━━━ Data for the task

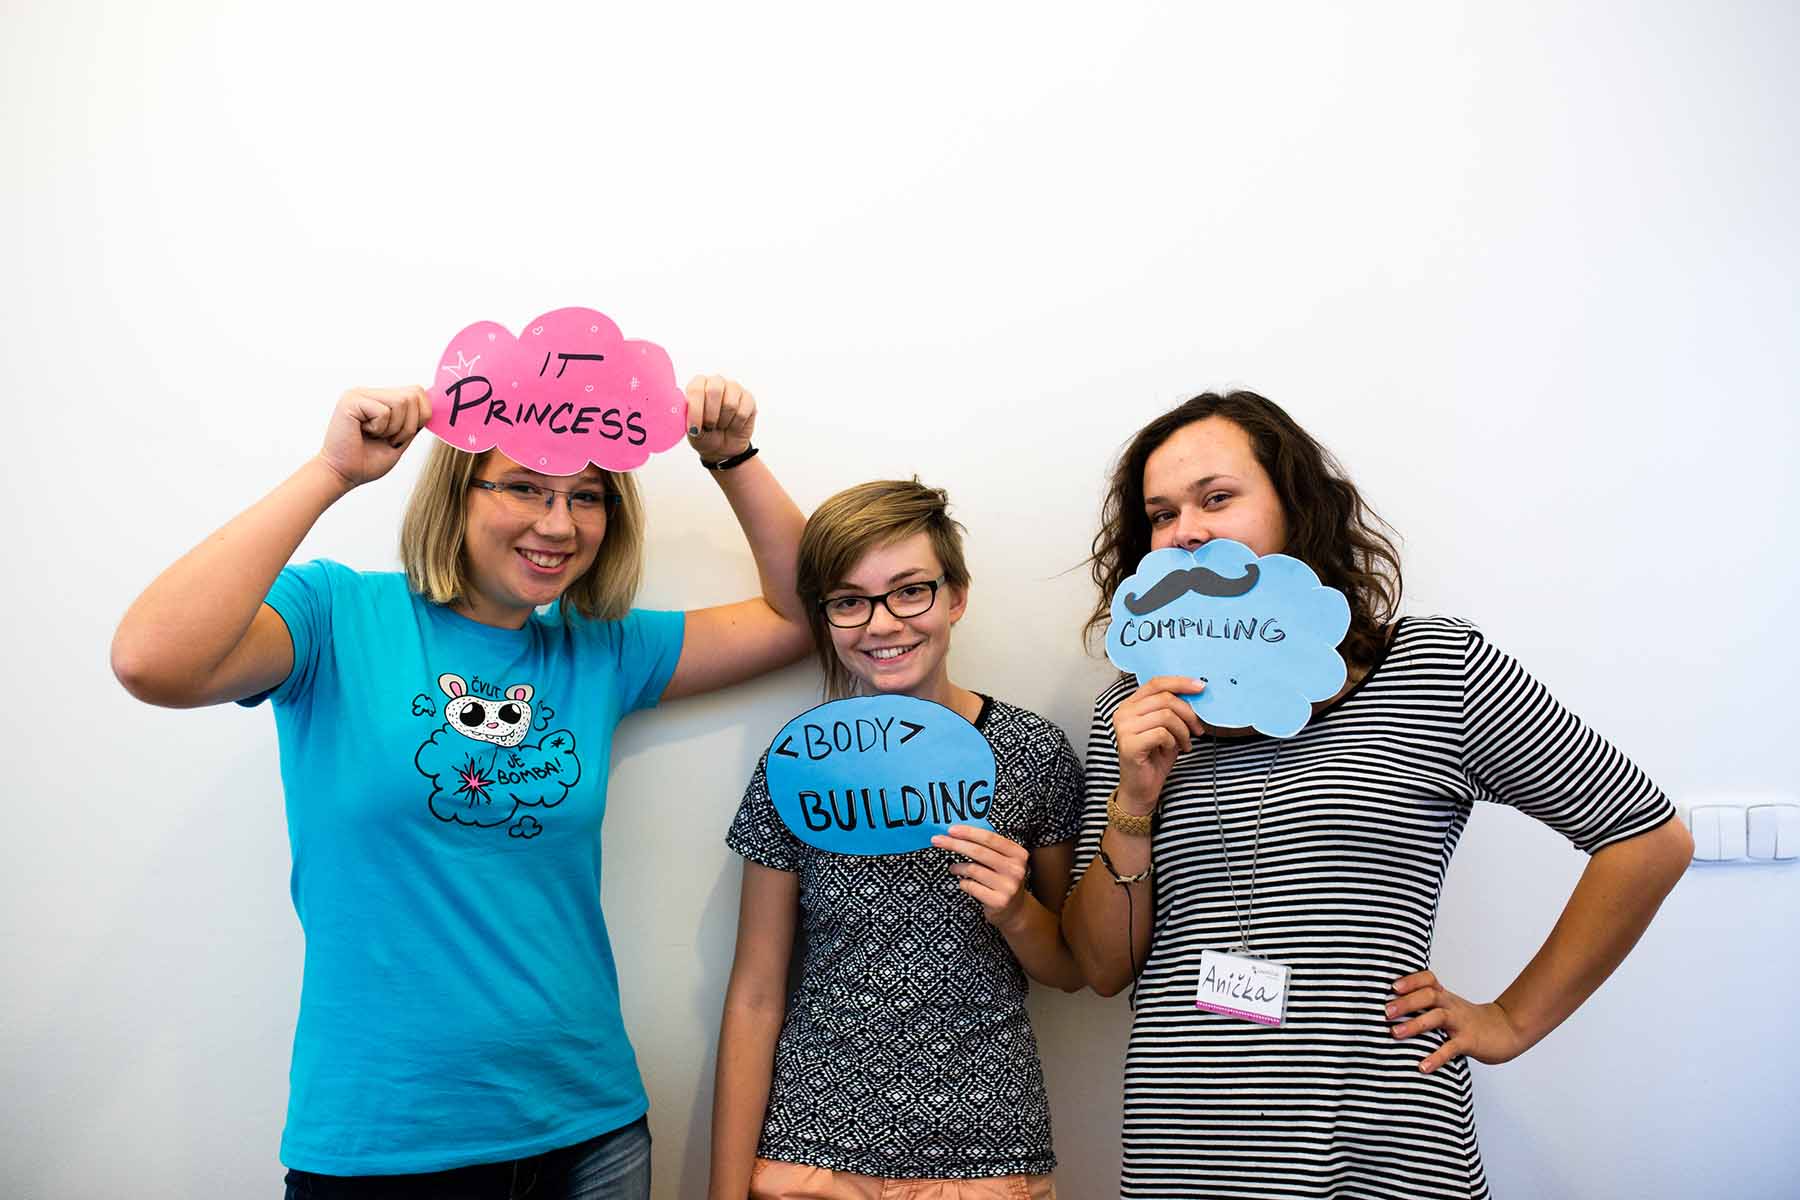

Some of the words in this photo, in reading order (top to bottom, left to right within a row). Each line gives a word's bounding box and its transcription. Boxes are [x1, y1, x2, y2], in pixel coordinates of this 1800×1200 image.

[539, 351, 604, 379] IT
[446, 375, 647, 446] PRINCESS
[1119, 616, 1287, 647] COMPILING
[471, 675, 502, 699] ČVUT
[497, 757, 565, 785] BOMBA!
[507, 753, 526, 769] JE
[798, 779, 992, 832] BUILDING
[1202, 965, 1280, 1002] Anička
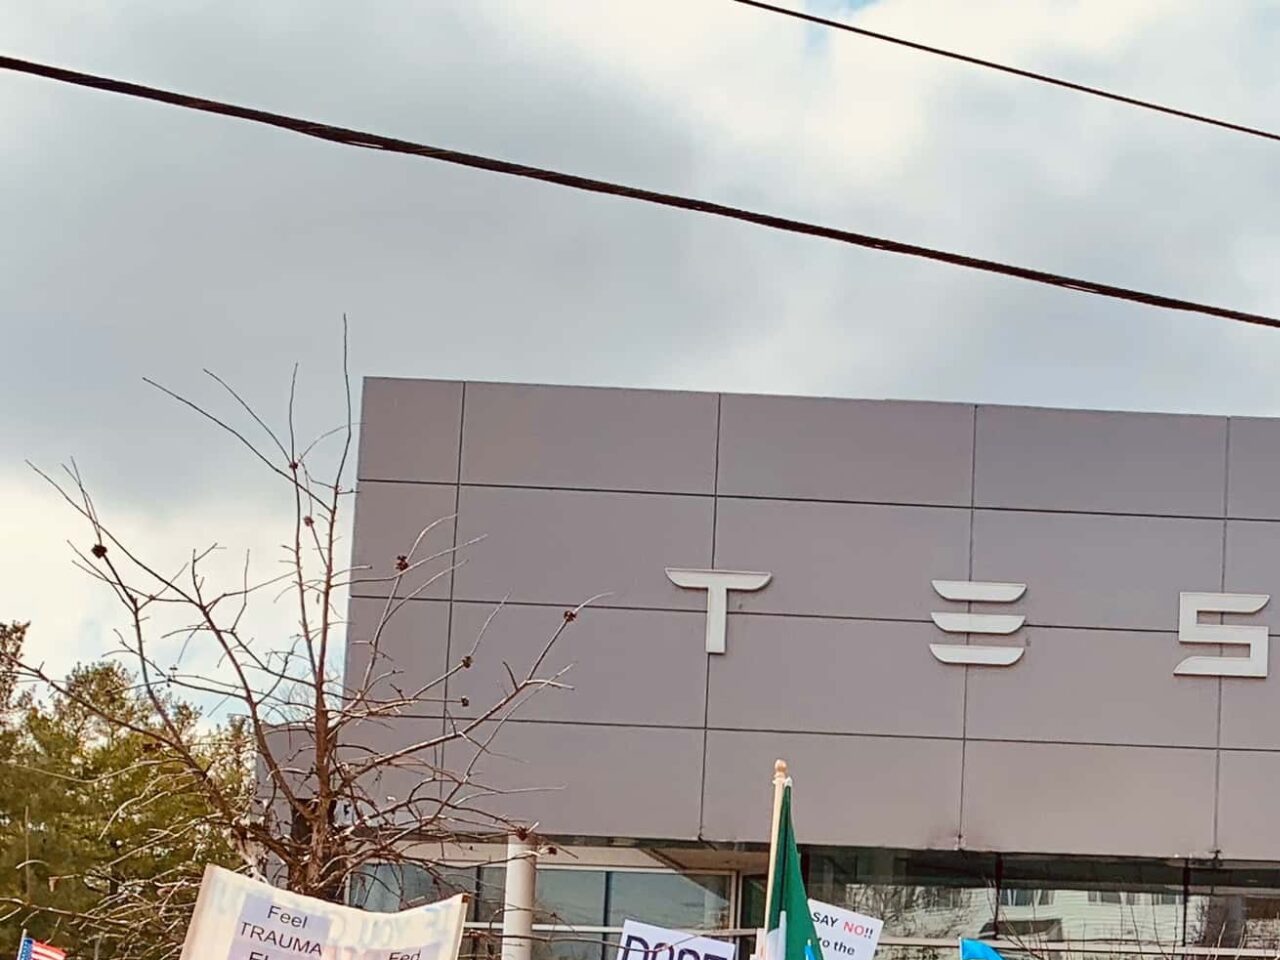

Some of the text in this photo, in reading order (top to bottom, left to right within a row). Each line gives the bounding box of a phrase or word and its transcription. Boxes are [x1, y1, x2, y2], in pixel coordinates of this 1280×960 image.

[267, 905, 308, 929] Feel
[812, 912, 873, 939] SAY NO!!
[240, 921, 322, 957] TRAUMA
[833, 942, 855, 955] the
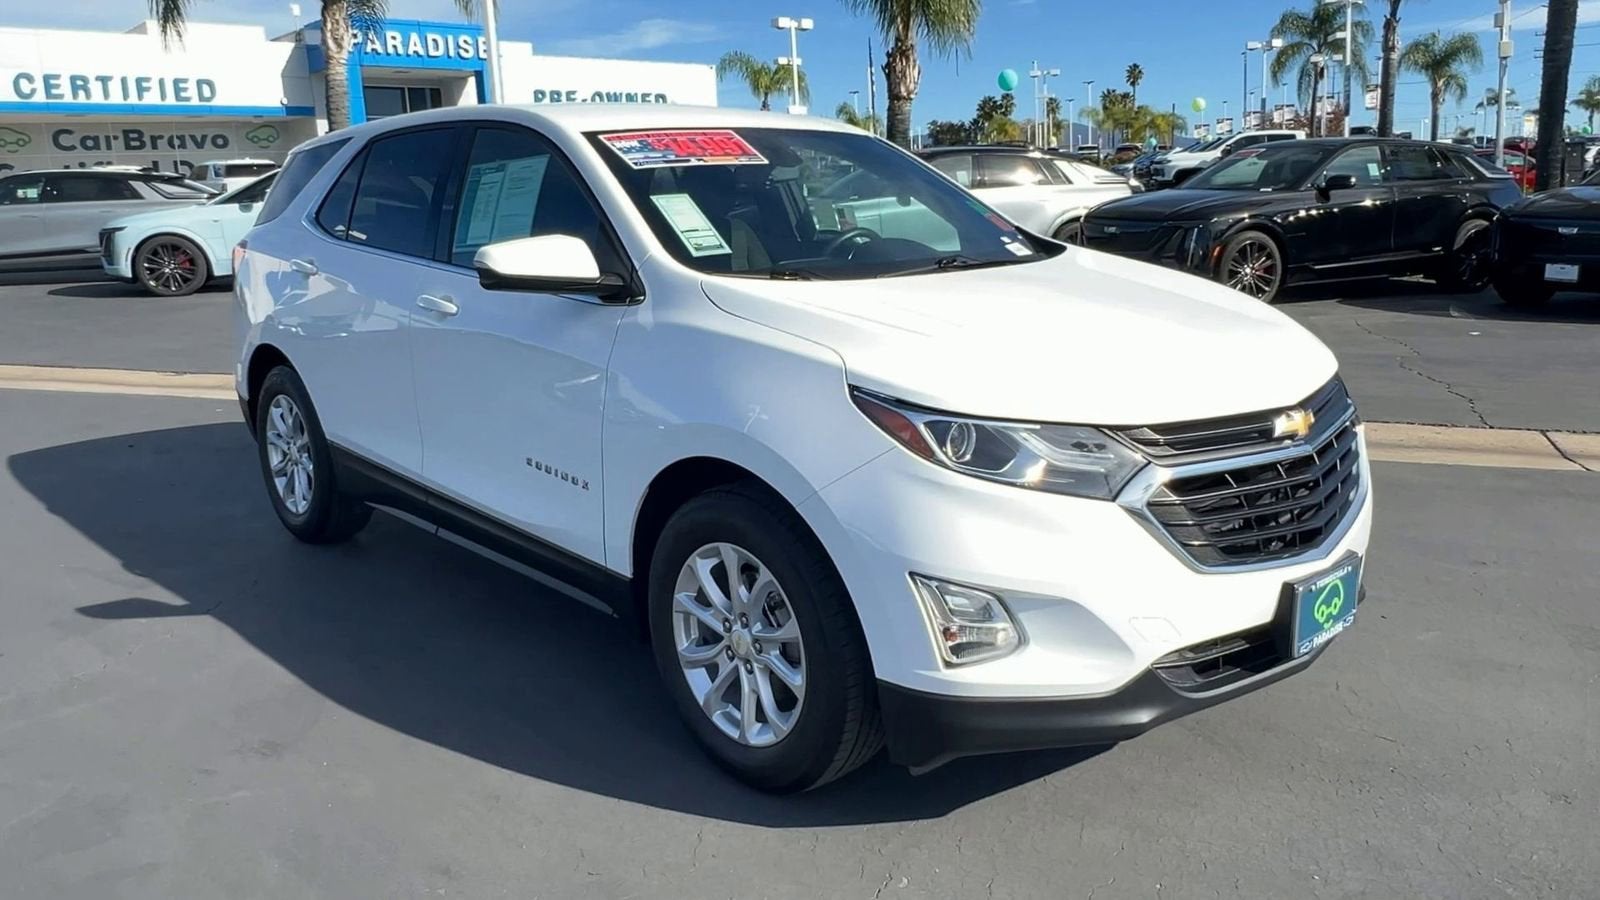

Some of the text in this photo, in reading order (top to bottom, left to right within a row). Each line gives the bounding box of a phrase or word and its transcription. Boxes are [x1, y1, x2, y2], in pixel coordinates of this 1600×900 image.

[348, 29, 488, 59] PARADISE
[13, 72, 217, 102] CERTIFIED
[52, 128, 230, 151] CarBravo
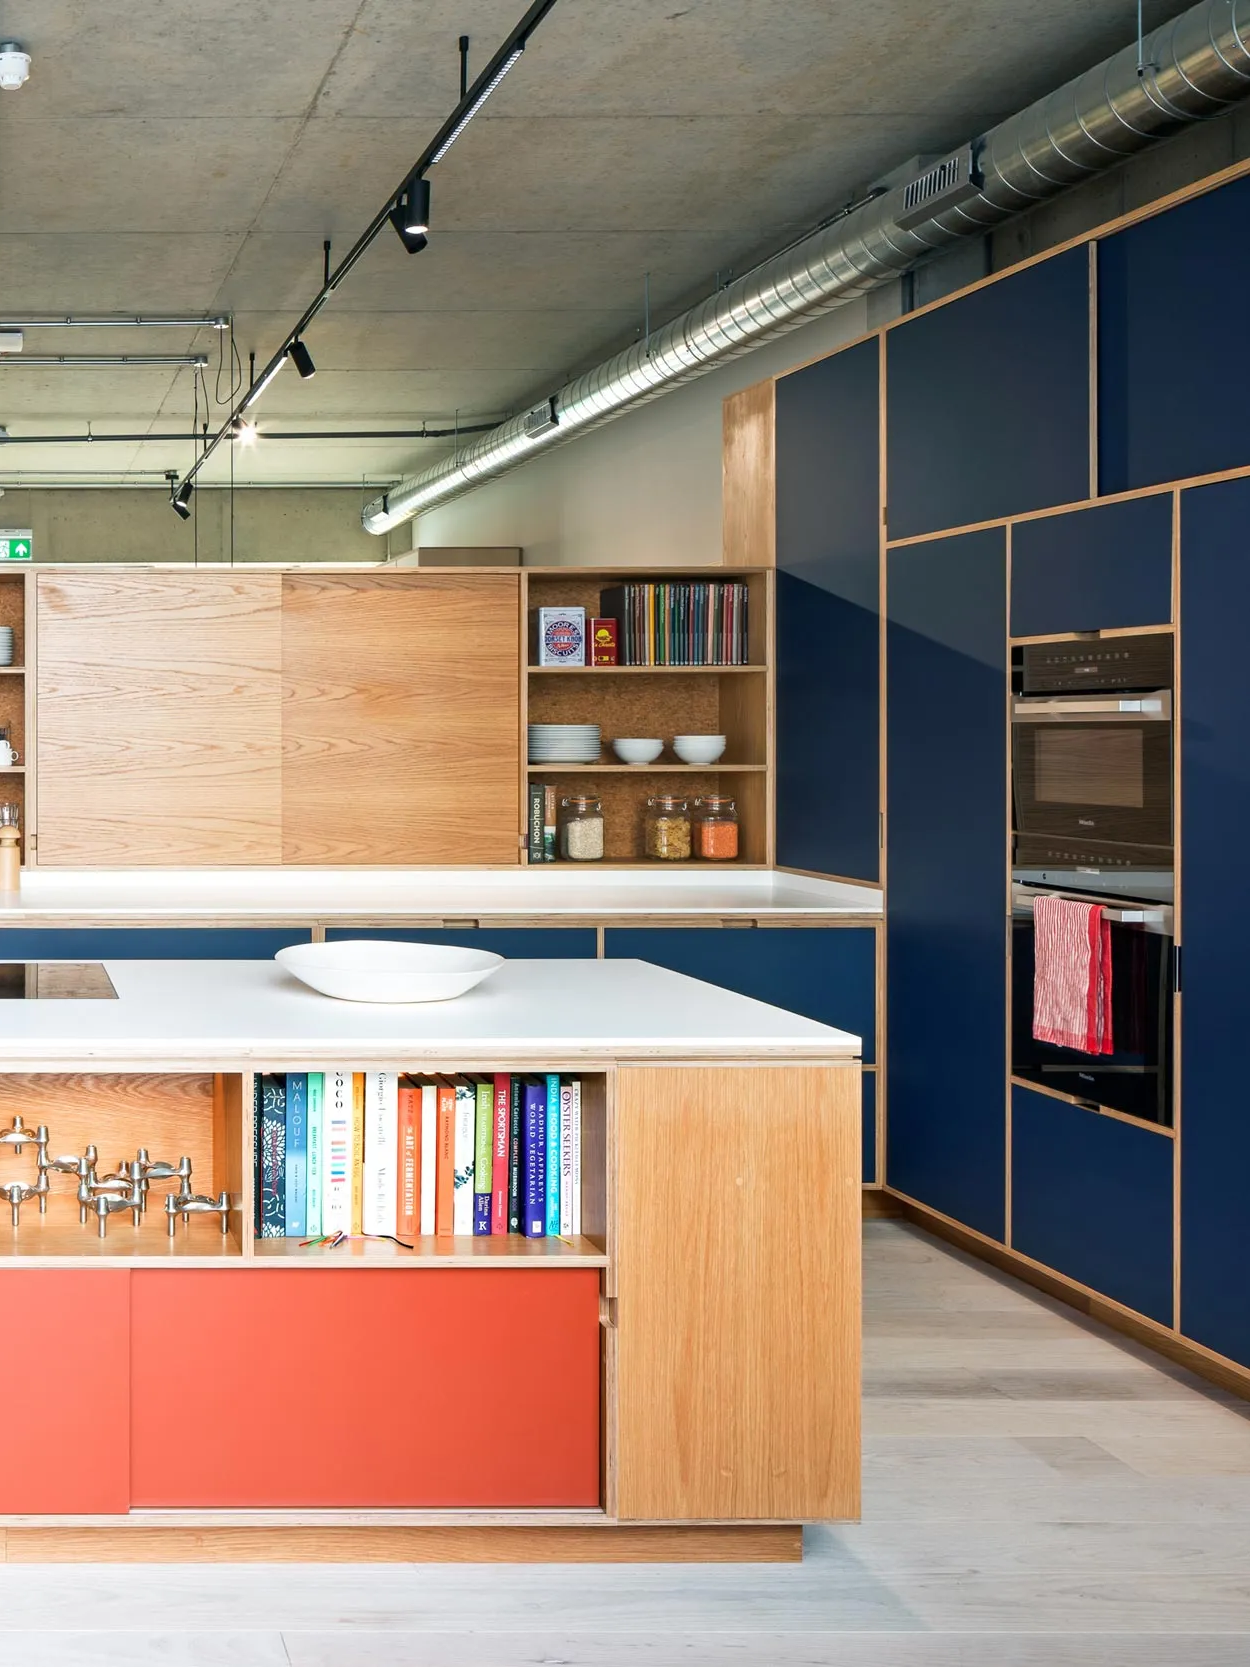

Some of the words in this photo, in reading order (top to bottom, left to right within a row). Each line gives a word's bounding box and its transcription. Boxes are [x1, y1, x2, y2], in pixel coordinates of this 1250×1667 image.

━━━━━━

# [What you need to do]
Everything in the listing should be repeated exactly except the pictures.

# [Response to the task]
Some of the words in this photo, in reading order (top to bottom, left to right within a row). Each line gives a word's bounding box and its transcription. Boxes are [x1, y1, x2, y2], in pixel coordinates of this 1800×1200 image.

[539, 351, 604, 379] IT
[446, 375, 647, 446] PRINCESS
[1119, 616, 1287, 647] COMPILING
[471, 675, 502, 699] ČVUT
[497, 757, 565, 785] BOMBA!
[507, 753, 526, 769] JE
[798, 779, 992, 832] BUILDING
[1202, 965, 1280, 1002] Anička

Some of the text in this photo, in reading order (top to bottom, left to right within a row). Each line gives the bounding box of a phrase or word and its transcription. Boxes are [x1, y1, x2, y2], in pixel coordinates of this 1280×960 image.

[267, 905, 308, 929] Feel
[812, 912, 873, 939] SAY NO!!
[240, 921, 322, 957] TRAUMA
[833, 942, 855, 955] the

Some of the text in this photo, in reading order (top to bottom, left to right within a row). Each line gives the bounding box of a phrase or word and its transcription. Boxes are [x1, y1, x2, y2], in pixel coordinates of this 1600×900 image.

[348, 29, 488, 59] PARADISE
[13, 72, 217, 102] CERTIFIED
[52, 128, 230, 151] CarBravo

Some of the words in this photo, in reading order (top to bottom, left to right within a row). Each line gives a word's bounding box and its transcription. Boxes are [x1, y1, x2, y2], in pixel coordinates of this 1250×1667 image.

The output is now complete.